What Are the Health Issues Related to HPV and How Long Does HPV Infection Last?

Paul A. Offit, MD, discusses the negative effects of HPV and explains how long the disease can last.

Transcript

What are the health issues related to HPV and how long does HPV infection last?

Paul Offit: Hi, my name's Paul Offit. I'm talking to you today from the Vaccine Education Center here at Children's Hospital of Philadelphia.

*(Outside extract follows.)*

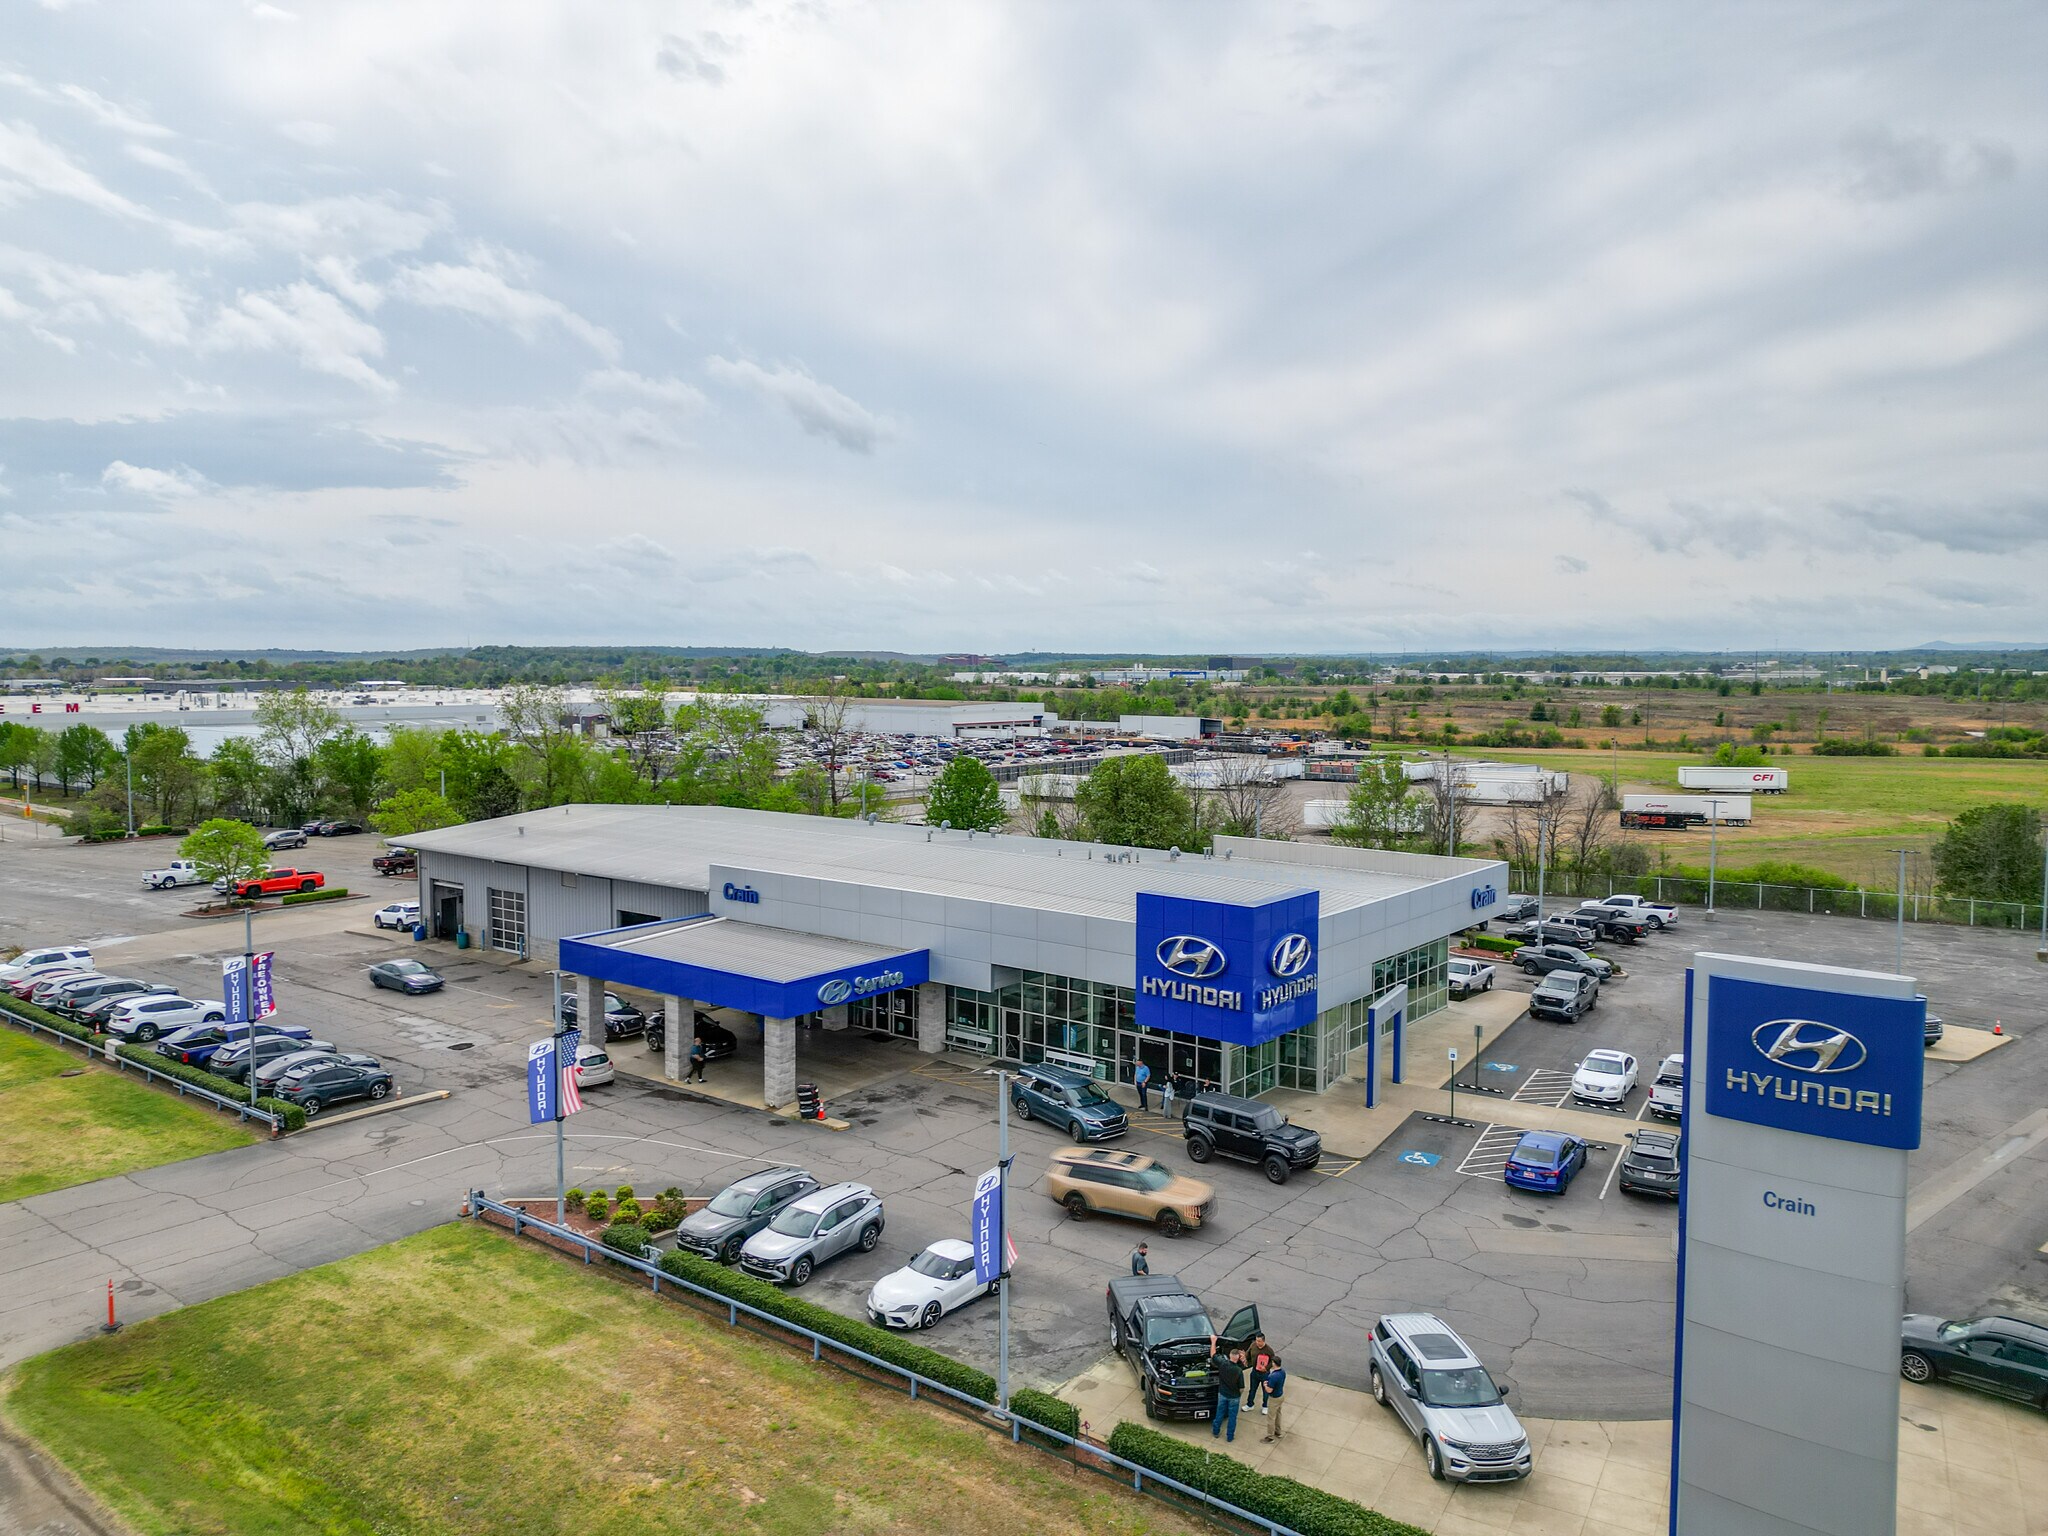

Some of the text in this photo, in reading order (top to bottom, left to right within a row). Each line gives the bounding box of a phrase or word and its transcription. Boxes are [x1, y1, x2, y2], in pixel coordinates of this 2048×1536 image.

A question that parents and people and adolescents commonly have is, “What is HPV?” So let's take a step back. HPV stands for human papillomavirus — it is the most common sexually transmitted virus of man. It's typical that most women or men by the time they’re 35 or 40 years of age will have been infected with HPV — really about 80 percent. So you think about the number of people in this world — that's hundreds and hundreds of thousands of infections.

So what does HPV do? It really does one of three things. Either one you're infected with HPV and in a matter of months, usually several months, you rid yourself of the virus and never knew you had it, but you're still contagious during that period of time. The second thing that HPV does, most commonly when there’s clinical symptoms, is it causes anal and genital warts. These are disfiguring, and they're debilitating, and they can certainly be emotionally very destructive.

The third thing and obviously the most damaging thing that human papillomavirus, or HPV, can do is it can take these cells, whether it's cells of the cervix or cells of the anal and genital area or cells of the oropharyngeal, or throat area, it can take those cells and transform them to become cancerous.

Now, from the time when you're first infected to the time that those cells become cancerous can be 15, 20, 25 years. So it takes a long time to do that, but those are the three ways in which HPV manifests itself.